BEIRUT, 30 May 2005 — Candidates led by the son of slain ex-Premier Rafik Hariri won all the seats in Beirut in Lebanon’s general election yesterday, a government source said.
“The count is nearly over and it’s a landslide for Hariri’s list,” said the source, who asked not to be identified.
Beirut was the first region to go to the polls. Other regions vote over the next three Sundays.
Saad Hariri’s anti-Syrian bloc had already won nine of the capital’s 19 seats in the 128-member Parliament before the vote because they were not contested. The source said candidates on Hariri’s list had taken all 10 undecided seats.
“This victory is for Rafik Hariri.
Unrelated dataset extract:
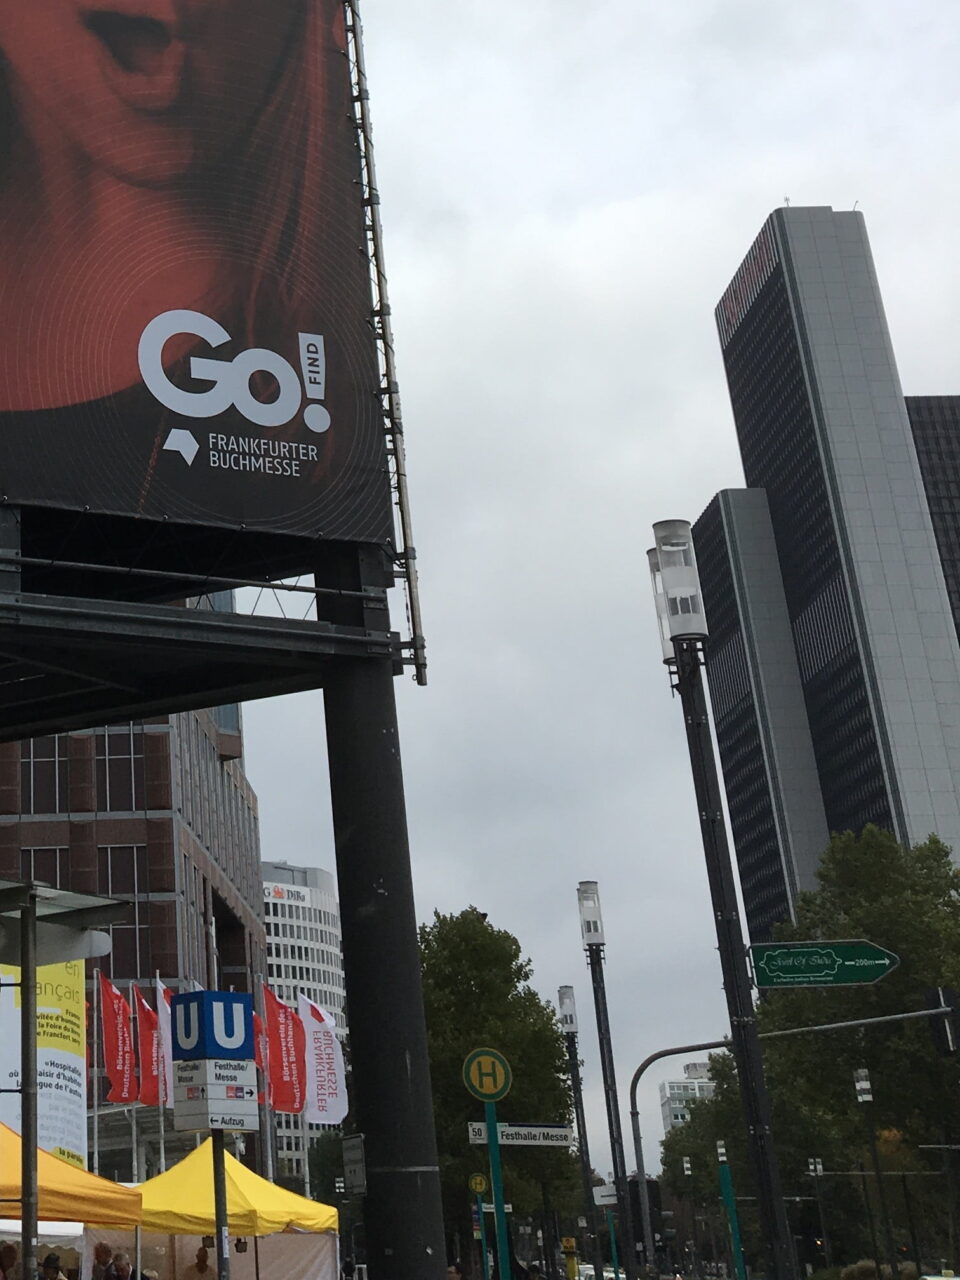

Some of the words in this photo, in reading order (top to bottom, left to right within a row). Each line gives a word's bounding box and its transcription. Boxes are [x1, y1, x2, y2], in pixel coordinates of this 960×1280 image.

Today Beirut showed its loyalty to Rafik Hariri,” Saad Hariri, 35, told a crowd celebrating outside his villa in the capital. “Today is a victory for democracy... freedom and sovereignty.”
Thousands of jubilant supporters drove through the streets of the capital, honking car horns and flying Lebanese flags as fireworks lit the night sky over Beirut’s center, rebuilt by the slain Hariri from the ruins of the 1975-1990 civil war.
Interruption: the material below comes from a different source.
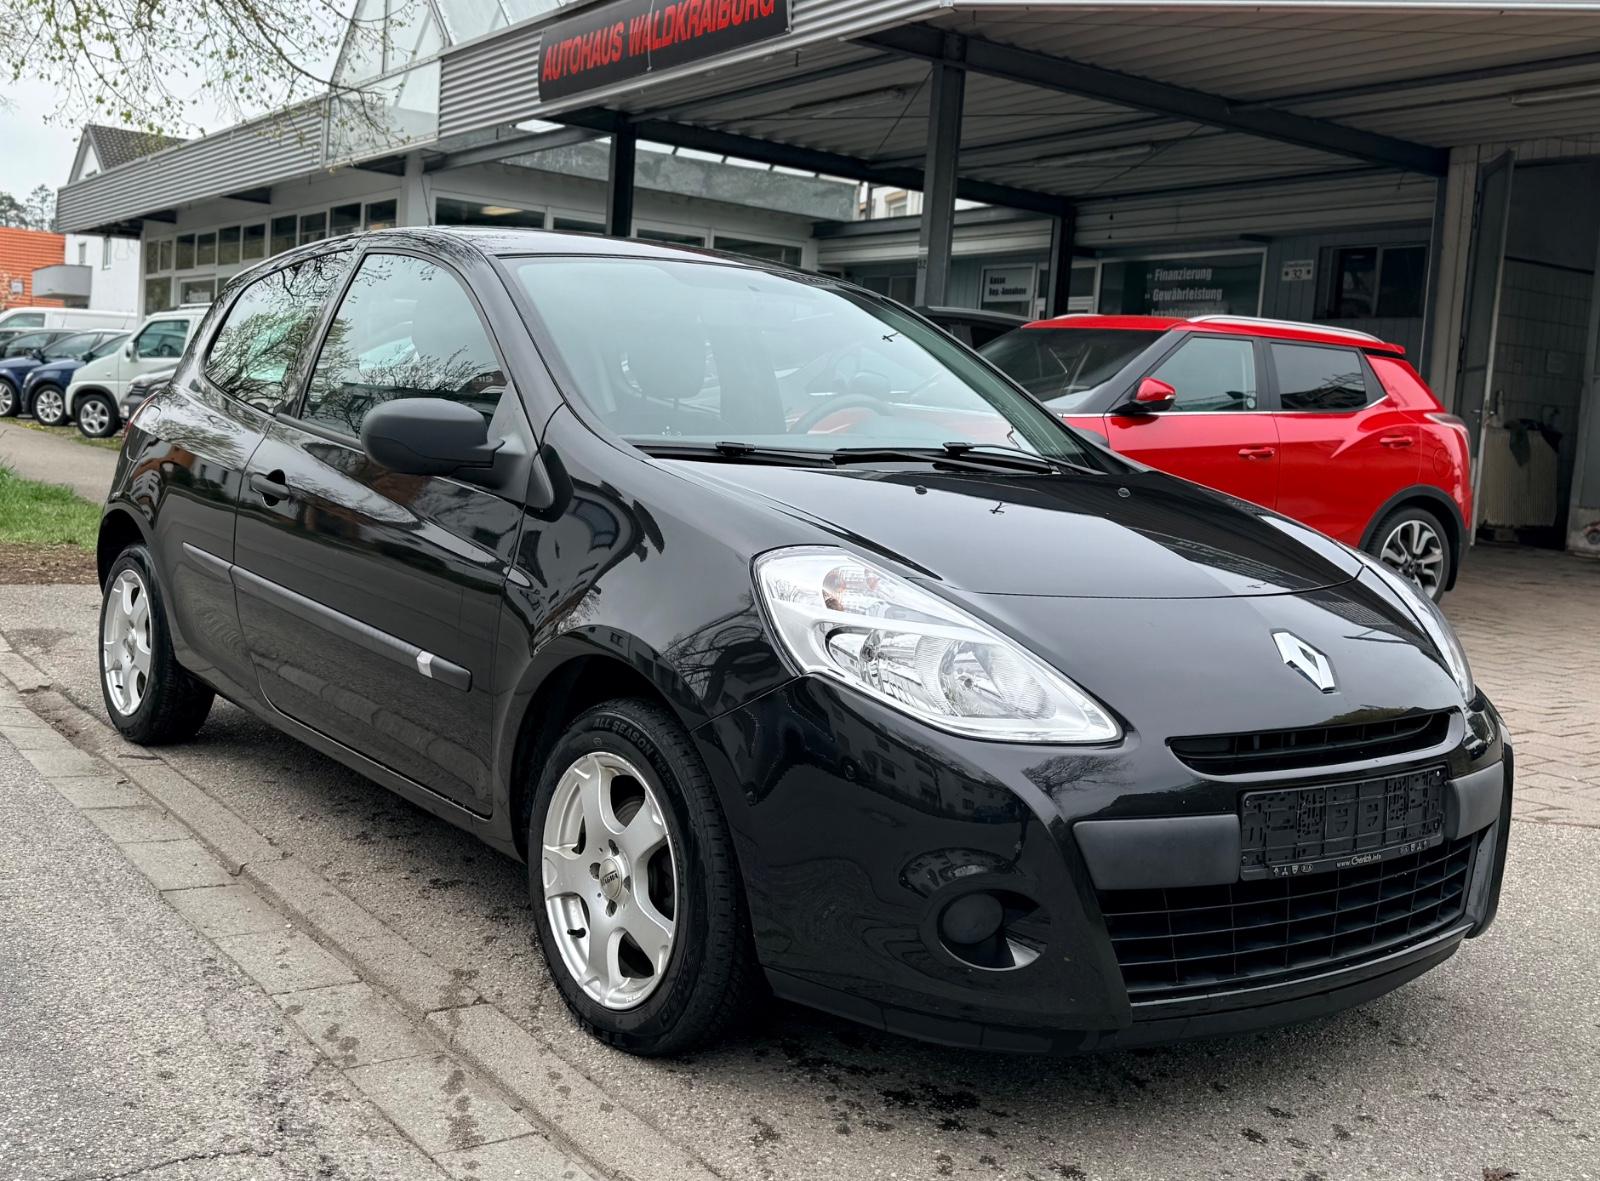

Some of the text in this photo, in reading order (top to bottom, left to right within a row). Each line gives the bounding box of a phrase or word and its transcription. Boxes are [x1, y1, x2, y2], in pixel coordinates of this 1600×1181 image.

[541, 21, 624, 82] AUTOHAUS
[1154, 267, 1213, 281] Finanzierung
[1152, 287, 1223, 302] Gewährleistung
[592, 717, 655, 756] ALL SEASON
Hariri’s widow and son, and newly elected candidates visited his grave in downtown Beirut after the results were known.
The young Hariri is a billionaire businessman thrust into politics by the Feb. 14 killing of his father, who as prime minister was the symbol of Lebanon’s postwar reconstruction.
But voters denied Hariri the high turnout he sought in the first elections in three decades with no Syrian troops in Lebanon. Interior Minister Hassan Sabaa put the turnout at 28 percent.
The capital had a 34 percent turnout in 2000, when Hariri’s father, then cooperating with Syria, also swept the board.
UN envoy Terje Roed-Larsen congratulated Lebanon for conducting the first round of polling successfully. “These elections... represent a significant step for the Lebanese people in their quest for recovering their full political independence and sovereignty,” he said in a statement. Only a handful of pro-Syrian leftists and Muslim hard-liners competed with Hariri’s Future bloc in mainly Sunni Muslim Beirut, where around 400,000 people were eligible to vote.